We do not appear to be measuring learning, or at least the actively engaged involvement with material that produces increased confidence, higher attendance, greater usefulness of reading textbooks, and better performance in their grades found in Walker and colleagues’ comparison of a traditional and an active learning section of introductory biology.
For unlike a car we are not measuring a physical property of speed or volume of gas in a single vehicle. Instead we are measuring the understood experiences of many individuals as they relate them to a particular question. We may be measuring their satisfaction with their grades as demonstrated in Tracy Vaillancourt’s recent three experimental studies where “students did seem to reward professors for good grades with high SETs and did seem to punish them for low grades (p. 10).
We are also capture on students’ memory tendencies to remember negative (or positive) moments, as well as their awareness and definitions of what we are asking about. For in order to report objectively that they found the course interesting, students need to define “interesting,” connect that definition to their experiences in the course, recall general patterns across the course, make a consistent assessment, and record that assessment carefully.

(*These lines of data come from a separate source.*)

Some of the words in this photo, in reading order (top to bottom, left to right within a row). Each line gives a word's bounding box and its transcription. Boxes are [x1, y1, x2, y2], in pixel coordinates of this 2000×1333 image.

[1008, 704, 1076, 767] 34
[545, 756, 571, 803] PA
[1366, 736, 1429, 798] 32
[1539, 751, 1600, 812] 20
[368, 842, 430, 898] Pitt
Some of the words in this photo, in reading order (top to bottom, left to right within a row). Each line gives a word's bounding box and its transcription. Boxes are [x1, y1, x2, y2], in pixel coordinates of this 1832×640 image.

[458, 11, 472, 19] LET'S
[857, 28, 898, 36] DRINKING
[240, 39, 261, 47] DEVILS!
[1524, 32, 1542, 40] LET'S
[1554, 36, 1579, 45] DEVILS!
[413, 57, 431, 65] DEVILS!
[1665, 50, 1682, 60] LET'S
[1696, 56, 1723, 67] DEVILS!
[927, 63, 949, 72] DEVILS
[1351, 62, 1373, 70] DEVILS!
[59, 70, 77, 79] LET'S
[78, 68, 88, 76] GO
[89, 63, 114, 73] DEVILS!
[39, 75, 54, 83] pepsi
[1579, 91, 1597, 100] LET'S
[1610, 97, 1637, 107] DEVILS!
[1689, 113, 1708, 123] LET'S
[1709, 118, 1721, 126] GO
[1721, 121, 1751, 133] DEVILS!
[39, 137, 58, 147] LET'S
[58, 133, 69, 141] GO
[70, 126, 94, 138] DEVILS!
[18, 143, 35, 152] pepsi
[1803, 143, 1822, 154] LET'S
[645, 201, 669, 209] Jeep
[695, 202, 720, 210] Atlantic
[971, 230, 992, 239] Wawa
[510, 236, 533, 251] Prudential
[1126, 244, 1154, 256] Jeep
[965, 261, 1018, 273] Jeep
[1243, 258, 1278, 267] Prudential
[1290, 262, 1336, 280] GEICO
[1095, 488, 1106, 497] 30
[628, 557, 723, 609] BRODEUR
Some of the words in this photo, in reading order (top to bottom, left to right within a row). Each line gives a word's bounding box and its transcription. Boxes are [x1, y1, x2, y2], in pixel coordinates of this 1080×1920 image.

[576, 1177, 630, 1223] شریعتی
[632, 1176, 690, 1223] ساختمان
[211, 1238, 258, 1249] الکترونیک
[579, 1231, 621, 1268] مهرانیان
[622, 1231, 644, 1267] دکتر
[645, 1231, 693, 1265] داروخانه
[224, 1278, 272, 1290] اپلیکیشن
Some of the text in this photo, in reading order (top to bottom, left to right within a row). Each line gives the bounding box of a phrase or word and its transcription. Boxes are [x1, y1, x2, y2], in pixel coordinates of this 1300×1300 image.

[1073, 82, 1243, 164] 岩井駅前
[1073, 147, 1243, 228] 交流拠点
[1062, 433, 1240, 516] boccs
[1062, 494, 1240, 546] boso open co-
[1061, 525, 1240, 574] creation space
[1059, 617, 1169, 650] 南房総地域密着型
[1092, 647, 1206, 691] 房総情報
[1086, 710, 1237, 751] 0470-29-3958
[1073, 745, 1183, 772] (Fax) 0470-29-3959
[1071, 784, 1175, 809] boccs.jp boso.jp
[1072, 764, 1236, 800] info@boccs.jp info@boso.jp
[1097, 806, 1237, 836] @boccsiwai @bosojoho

What if interesting is a word associated with movies or favorite activities? And so on…
A very messy leap of faith indeed, yet one that can be complemented and framed to improve how accurately we are measuring what we hope to measure through multiple strategies including:
- Peer evaluations
- Focus groups with students that explore instances, definitions, and experiences
- Surveys immediately after an activity rather than the end of term
- Framing of activities to define rationale or purpose and then assessing specifically related to those goals rather than broad constructs.
- Specific questions that provide or invite definition and examples from across timeframe, as well as focus reflection on specific details or at the very least on the breadth of things to start, stop, continue, positive, negative etc.
The ongoing debate suggests highly variable usefulness of student evaluations of teaching; there are many dials in the car and sometimes we pick the right one. Perhaps we should also look under the hood, drive at test distance, and hold up a radar speed tracker.